After the arrest of Sigfrido Catalá Tineo, Rufat became general secretary of the CNT-ML (interior). He continued the underground revolutionary struggle until he was arrested alongside the whole clandestine Ninth CNT National Committee on 6 October 1945 in Madrid by the Francoist Political-Social Brigade.

=== "All of Spain is a prison" ===
Rufat was sentenced by the war council of 21 March 1947 to 20 years in prison. Interrogated and tortured in Madrid, he was then incarcerated in the prisons of Alcalá de Henares, Yeserías, Ocaña, then 11 years at El Dueso. At the end of the 1940s, up to seven national committees of the CNT-ML (interior) were simultaneously imprisoned at the Ocaña prison. Anarchist resistance was organized from inside Franco's prisons. Getting provisional freedom in 1958, literally 20 years after his 1938 arrest, Rufat escaped across the Pyrenees to start a new life in France.

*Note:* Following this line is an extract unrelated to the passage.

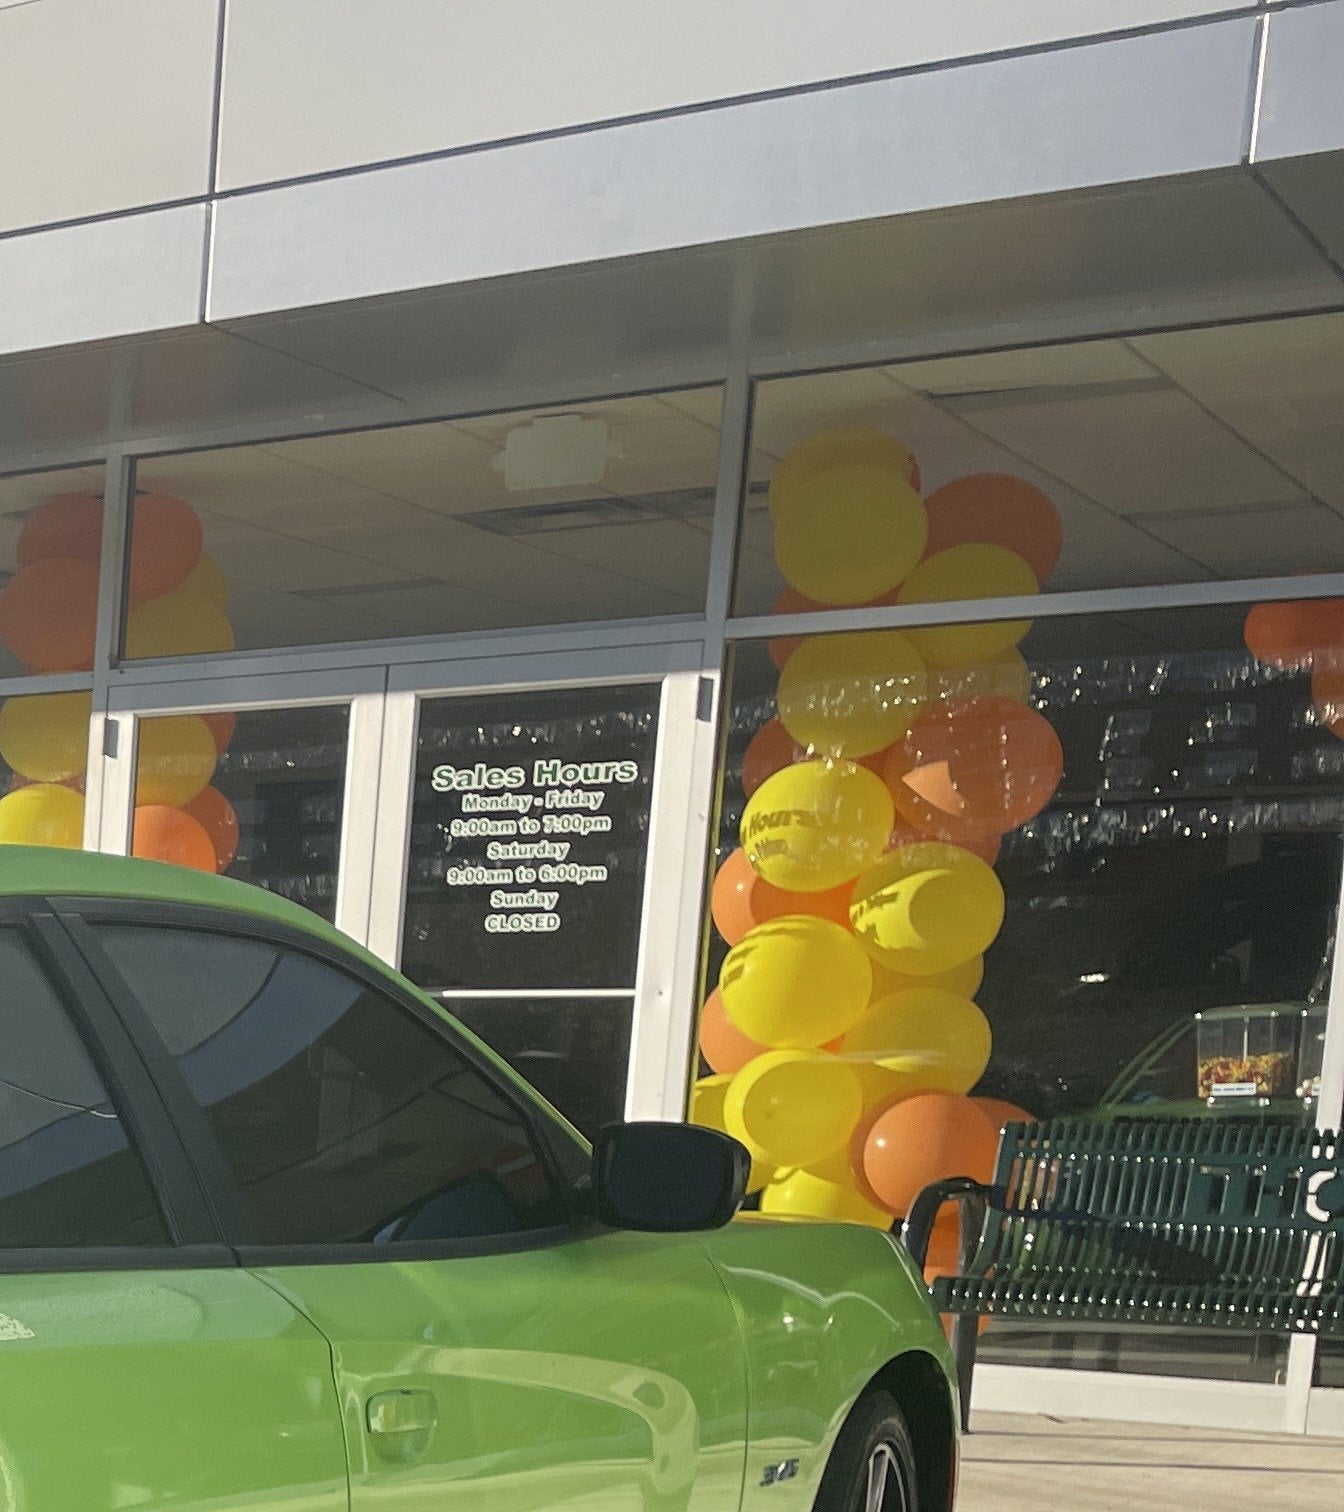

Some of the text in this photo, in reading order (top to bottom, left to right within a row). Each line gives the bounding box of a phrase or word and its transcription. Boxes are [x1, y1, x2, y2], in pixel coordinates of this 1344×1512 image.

=== Exile and the protection of refugees ===
In France, he worked for the Office for the Protection of Political Refugees (OFPRA) of the French Ministry of Foreign Affairs. He participated in the creation of the Polémica and Anthropos journals and wrote for many other French- and Spanish-language publications. When returning to Barcelona in 1976, after the death of dictator Francisco Franco, he discovered that according to the archives, he had been executed twice, in 1938 and 1940. Rufat struggled to convince the new democratic authorities that, in spite of his clandestine activities, he was still alive. This led him to devote the rest of his life to writing "the history of the defeated", in particular by collaborating with the Bibliothèque de documentation internationale contemporaine (BDIC) at the University of Nanterre. Rufat was also an actor and writer, known for the movie Larga noche (1977). Many of his manuscripts, texts and memoirs remain unpublished although he won the Juan García Durán Award in 1986.

== Works ==

- La filosofía del yo y del nosotros (1958)
- En las prisiones de España (1966) 1st edition, Mexico
- Entre los hijos de la noche (1986) Juan García Duran Award
- Espions de la République (1990)
- La oposición libertaria al régimen de Franco (1993)
- En las prisiones de España (2003) Revised and expanded edition, Zaragoza.